Norman’s close friendship with the German central banker Schacht, later Nazi central banker dates from the period of the Crash.  Certainly it is a fact that following Montagu Norman’s tenure as governor of the Bank of England the British Empire began to disappear rapidly – first in India and Palestine, followed by colonies in Africa and the Middle East.  Of course Jouffroy’s view is ideal, almost purist – not pragmatic.  A finance power is never just that – so when England was an ascendant power under Cromwell it sued for war.  The series of the Dutch Wars between England and Holland in the 17th century undermined Dutch hegemony of the seas – which included the principle of ‘mare liberum’ for the Dutch in the “Narrow Seas” (the English Channel and the North Sea).  At this time – Holland, the reigning mercantile power needed peace for its ‘miracle’ to last.  England was the rough competitor with less to lose, who exposed the inevitable paradox of the trading power -  “Any threat to the free movement of Dutch shipping, any constriction of maritime activity, was thus a threat to undermine the whole enormous structure of their commerce and finance, of empire and industry.  War was the probable, perhaps the inevitable response.  Yet here lay the paradox of the Dutch predicament.  Though the country had won life and health and strength by war, war was in fact fatal to it, since war not only interfered with the free movement of ships but exposed them to capture or destruction.” (The Diary of Samuel Pepys, edited by R.C. Latham and W. Matthews, Volume X Companion, London, 1995, p. 111)

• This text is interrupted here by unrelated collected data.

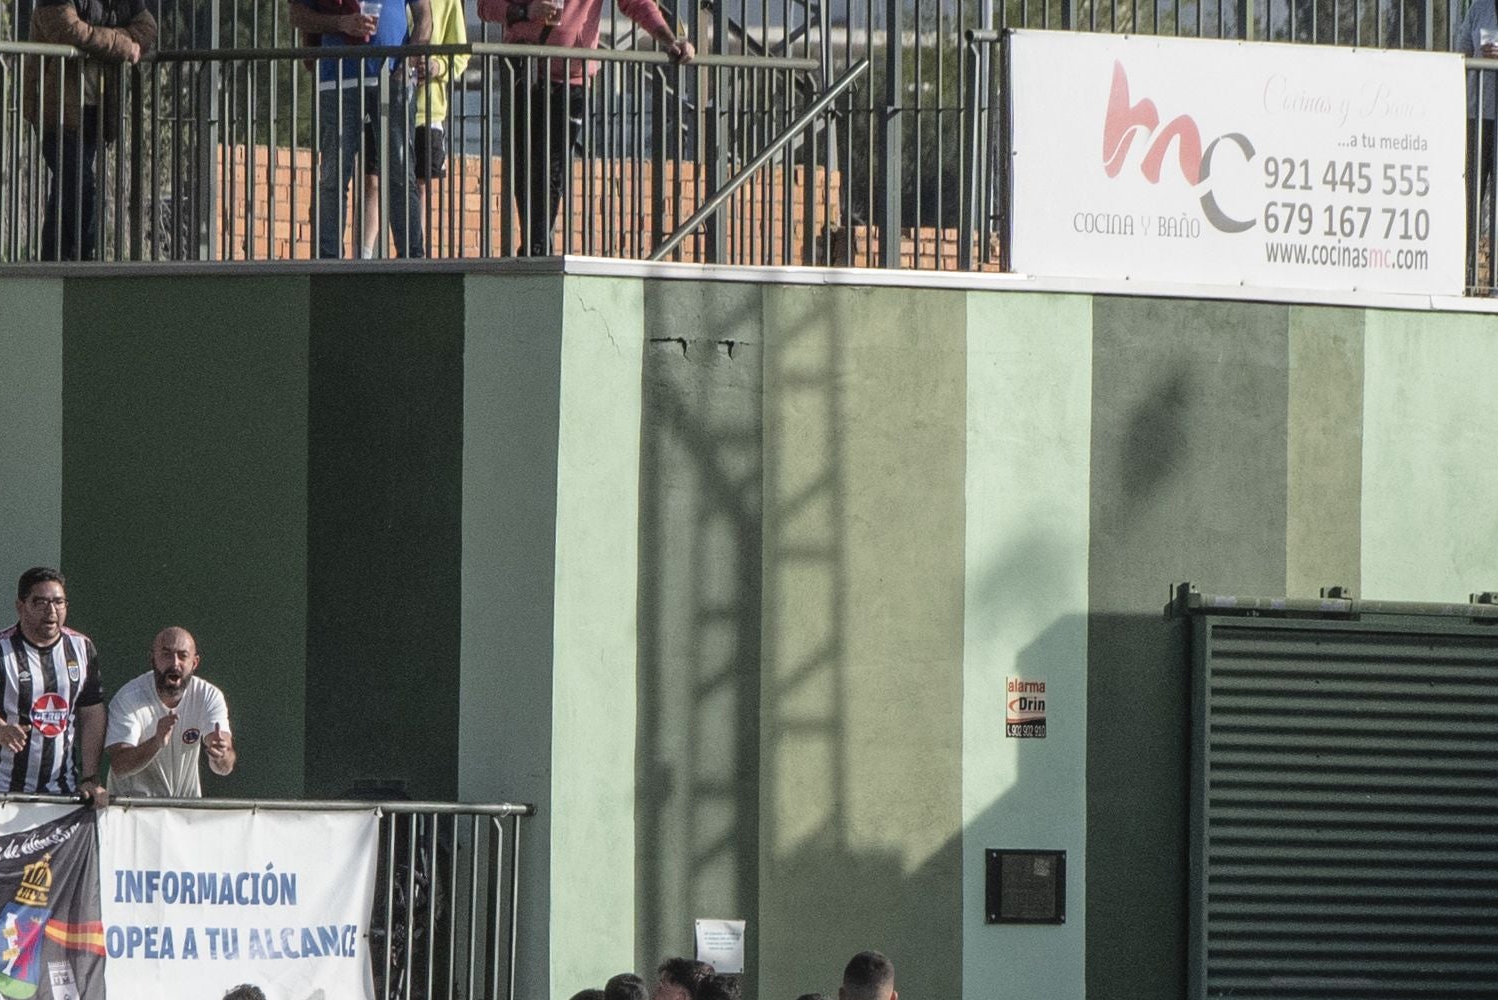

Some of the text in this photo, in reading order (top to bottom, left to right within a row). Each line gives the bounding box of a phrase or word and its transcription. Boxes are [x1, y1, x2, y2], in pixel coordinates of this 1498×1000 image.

[1362, 133, 1375, 148] tu
[1380, 134, 1428, 151] medida
[1264, 156, 1430, 197] 921 445 555
[1074, 212, 1200, 238] COCINA Y BAÑO
[1264, 201, 1430, 241] 679 167 710
[1265, 238, 1429, 270] www.cocinasmc.com
[1008, 678, 1045, 692] alarma
[1019, 696, 1045, 711] Drin
[4, 839, 20, 859] de
[114, 861, 297, 905] INFORMACIÓN
[182, 927, 199, 960] A
[205, 927, 239, 960] TU
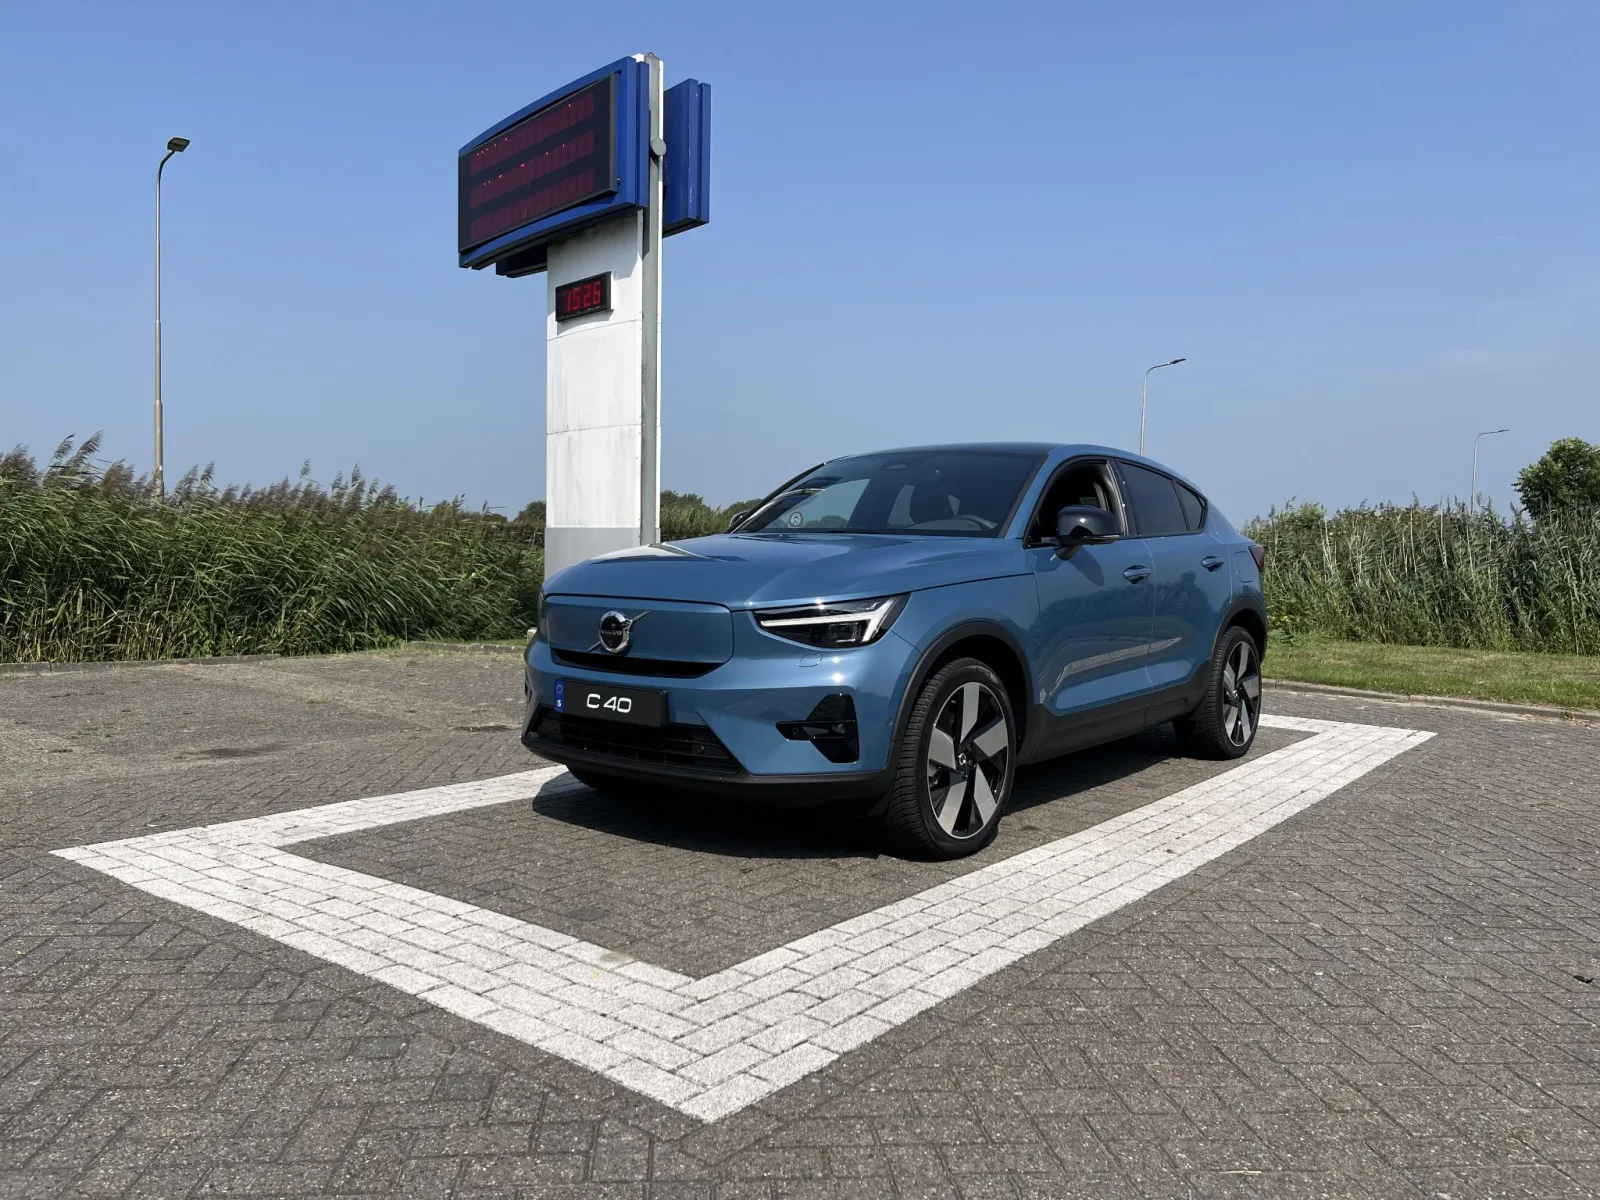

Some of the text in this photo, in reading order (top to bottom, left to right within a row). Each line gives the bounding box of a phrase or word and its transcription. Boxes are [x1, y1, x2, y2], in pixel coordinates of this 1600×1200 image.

[557, 699, 562, 707] S
[586, 693, 632, 713] C 40

As the Grand Pensionary of Holland Pauw foresaw in 1752 after his efforts to avoid war failed: “the English are about to attack a mountain of gold; we are about to attack a mountain of iron.” (quoted in The Diary of Samuel Pepys, op. cit., p. 112)

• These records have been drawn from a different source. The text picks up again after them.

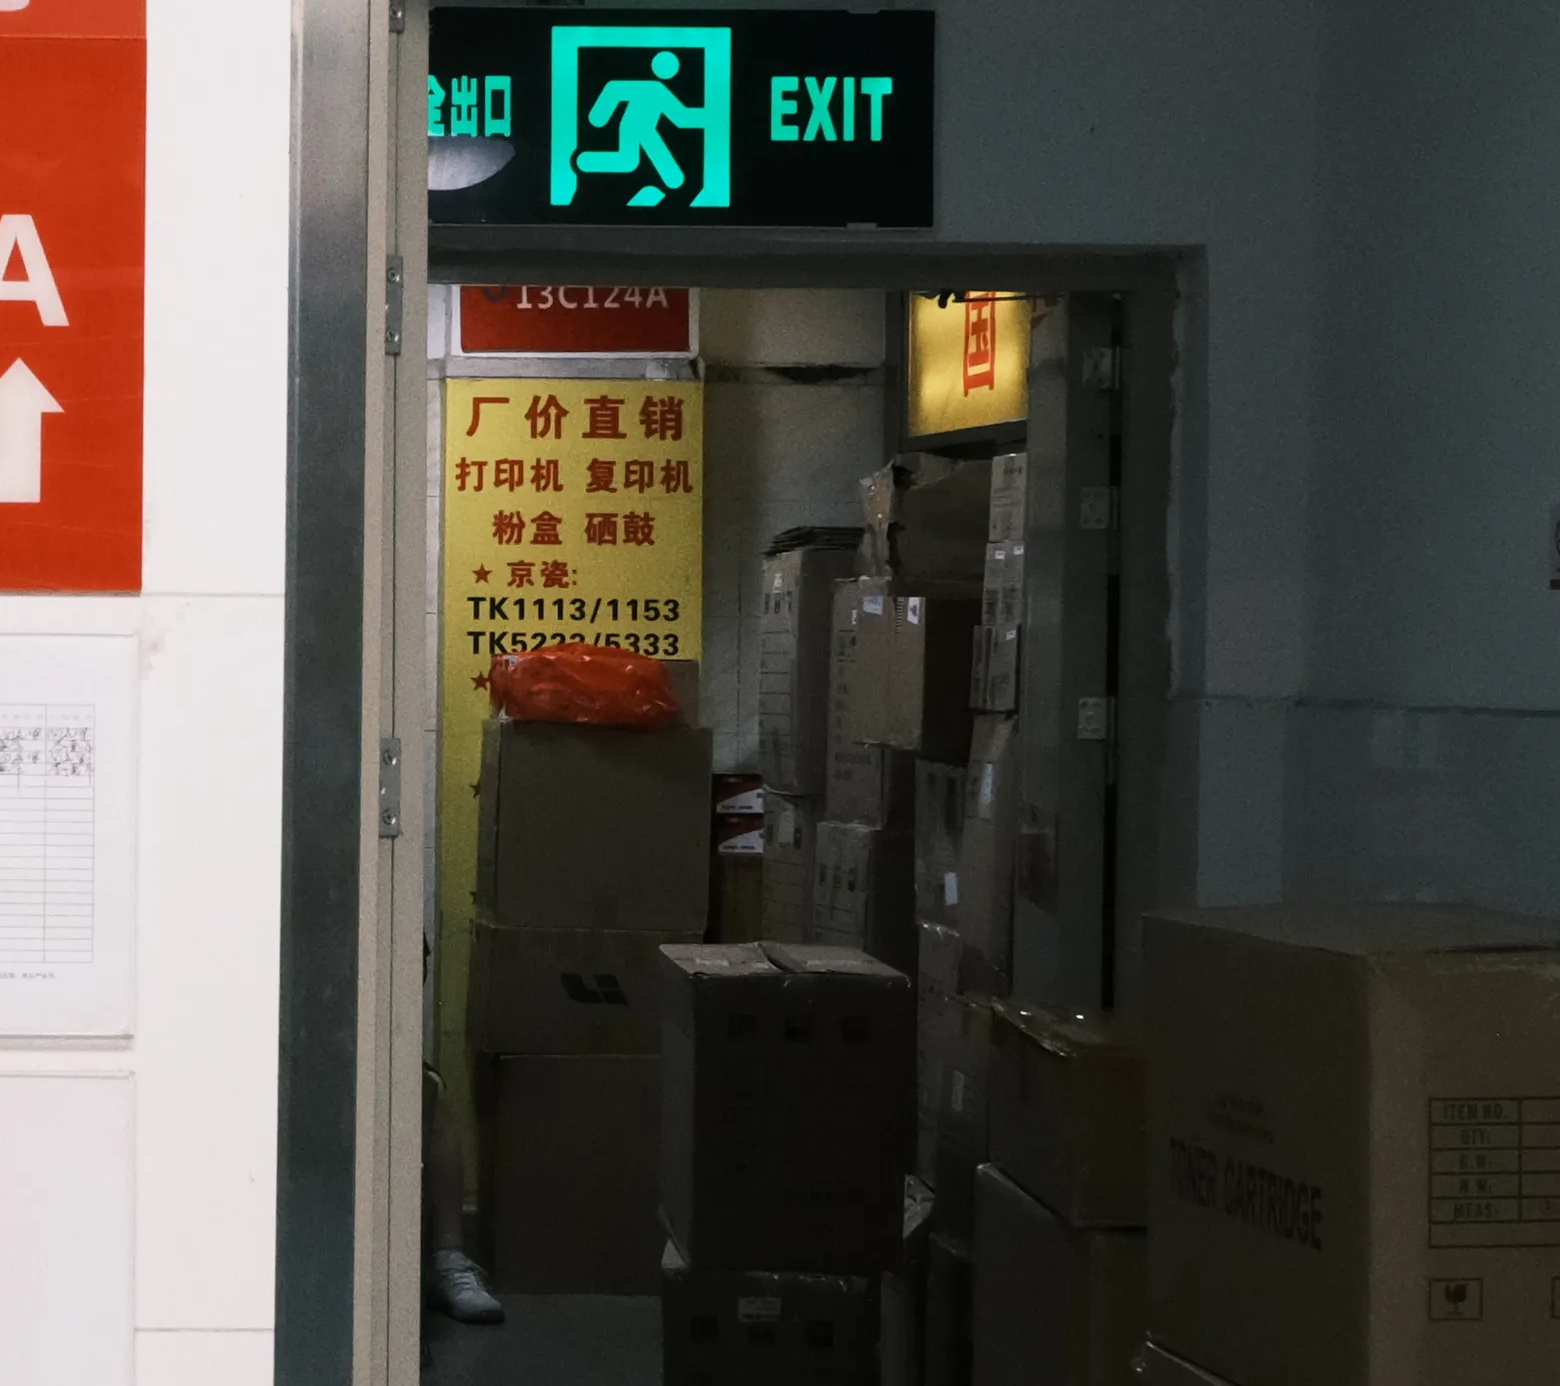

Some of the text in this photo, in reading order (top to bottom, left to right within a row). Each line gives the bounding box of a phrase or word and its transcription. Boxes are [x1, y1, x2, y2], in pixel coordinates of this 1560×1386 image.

[770, 76, 893, 142] EXIT
[465, 395, 685, 441] 厂价直销
[455, 456, 693, 494] 打印机 复印机
[492, 511, 656, 547] 粉盒 硒鼓
[467, 596, 680, 624] TK1113/1153

Siimilar to Nietzsche’s idea of “doing damage with one’s best” – Jouffroy attributes Holland’s demise precisely to its improvement and enlargement of its land mass.  When its territory was covered with water it could arouse little envy and ambition, when it drained its coast and secured its land making itself accessible and desirable, it destroyed the foundation of its power.

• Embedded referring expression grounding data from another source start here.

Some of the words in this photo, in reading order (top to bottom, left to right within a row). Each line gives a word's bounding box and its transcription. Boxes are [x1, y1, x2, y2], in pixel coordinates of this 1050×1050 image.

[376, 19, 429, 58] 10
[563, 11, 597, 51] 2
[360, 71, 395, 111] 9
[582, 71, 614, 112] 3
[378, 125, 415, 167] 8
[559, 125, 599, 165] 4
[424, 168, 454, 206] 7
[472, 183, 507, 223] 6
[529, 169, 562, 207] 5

Norman true to both character masks – that of a ‘lord of finance’ and a representative of a declining power – the British Empire – was a radical appeaser in the thirties.  Later as war became the ‘ineluctable’ – he devised a fiendish variation of appeasement.  He ‘bought’ into the Nazi bid for world power – as one would advance capital for any worthy venture.  A banker knows how to do this though with other people’s money.  He did so in various ways but mostly conducted via the Bank for International Settlement – a bank in Basel combining the central banks of Europe and Japan.  When Nazi Germany annexed Austria in 1938 Norman together with his banker colleagues in the BIS acceded to the Reichsbank demand – conveyed by his friend Hjalmar Schacht - that Austria’s gold reserves (22 tons) be transferred to the Reich.  Later in 1939 when Germany invaded Czechoslovakia they again demanded the gold reserves.  Czechoslovakia’s gold reserves were however deposited in the Bank of England as a safe haven – but partly in a BIS account.  As governor of the Bank of England Norman personally authorized the transfer of this part of Czechoslovakia’s gold reserves to the Reichsbank (6,000,000 pounds) - continuing the BIS policy of supporting the Third Reich.  One could say that England the finance power (as opposed to England the nation state) bought into the Nazi venture with the gold of the Nazi-occupied countries.  I wonder what happened to this gold after the war.  Austria was a loser – so if it forfeited its gold – that was only par for the course.  But Czechoslovakia?  Did it have its gold reserve restored?  It had changed geopolitical hands in the mean time – belonging to the Soviet bloc.  One could imagine that prudent Western bankers would not be eager to deliver gold to that entity.  Perhaps it just slipped naturally into the coffers or ‘quiet reserves’ of some allied victorious power – whence it came.  One would need the divining talents of a Cagliostro or a Count of St. Germaine to figure that out.  Everywhere in human affairs one is resigned to the elliptical.  But we know all this, as Jean-Luc Nancy would say.